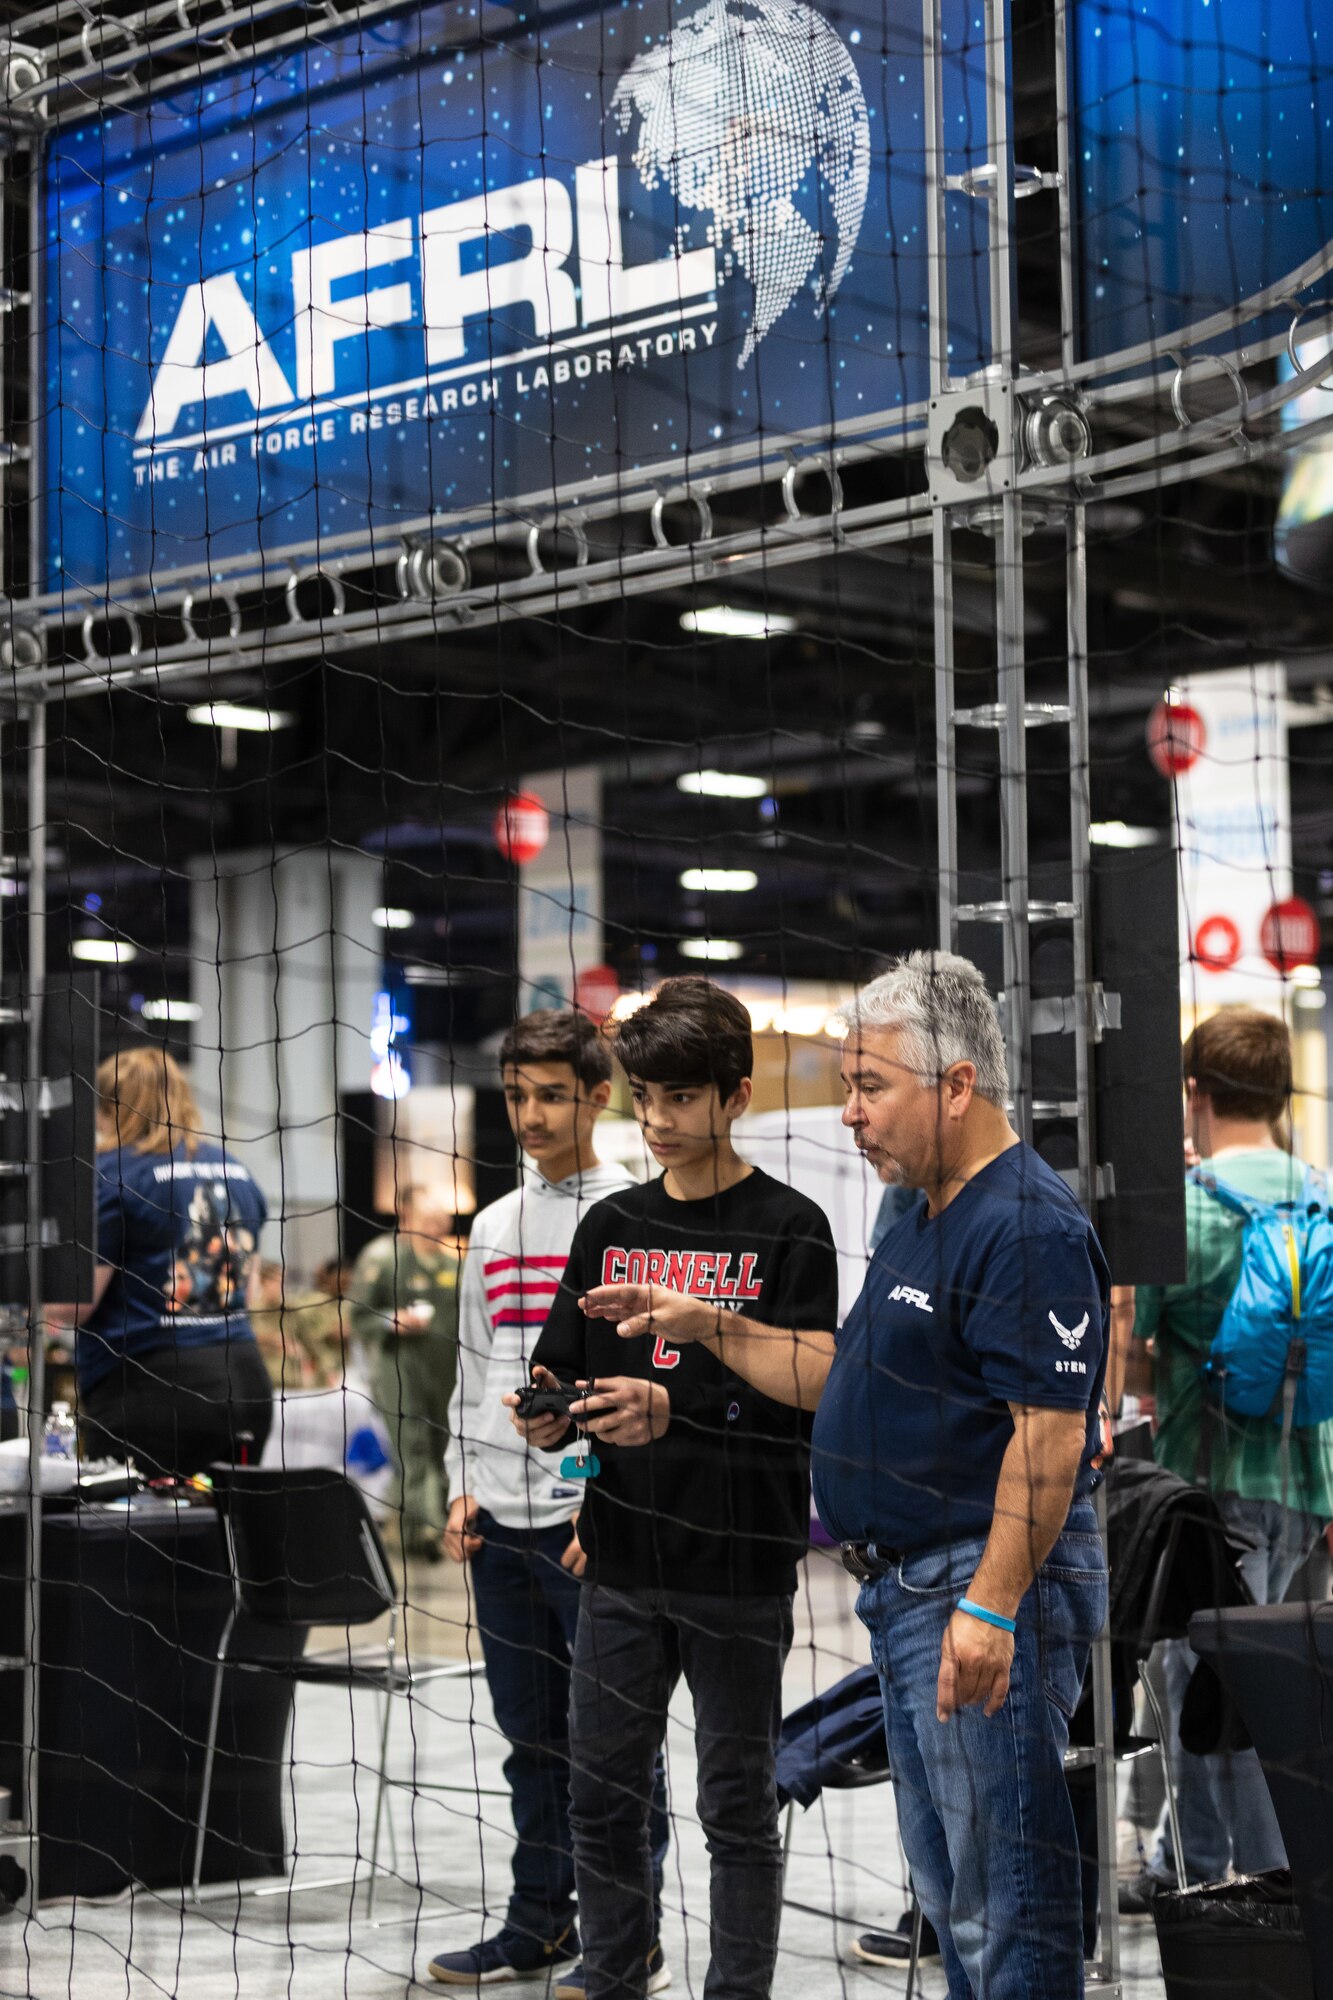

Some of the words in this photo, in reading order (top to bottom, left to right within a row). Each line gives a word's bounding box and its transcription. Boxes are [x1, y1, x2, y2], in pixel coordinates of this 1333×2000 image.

[134, 155, 717, 440] AFRL
[133, 456, 180, 486] THE
[193, 443, 237, 472] AIR
[251, 419, 335, 458] FORCE
[350, 377, 499, 434] RESEARCH
[516, 321, 718, 394] LABORATORY
[601, 1245, 764, 1300] CORNELL
[887, 1284, 934, 1313] AFRL
[1055, 1360, 1087, 1375] STEM
•••
> _Problem_
Minus its pictures, the full listing should be copied verbatim.

> _Exercise solution_
Some of the words in this photo, in reading order (top to bottom, left to right within a row). Each line gives a word's bounding box and its transcription. Boxes are [x1, y1, x2, y2], in pixel coordinates of this 1333×2000 image.

[134, 155, 717, 440] AFRL
[133, 456, 180, 486] THE
[193, 443, 237, 472] AIR
[251, 419, 335, 458] FORCE
[350, 377, 499, 434] RESEARCH
[516, 321, 718, 394] LABORATORY
[601, 1245, 764, 1300] CORNELL
[887, 1284, 934, 1313] AFRL
[1055, 1360, 1087, 1375] STEM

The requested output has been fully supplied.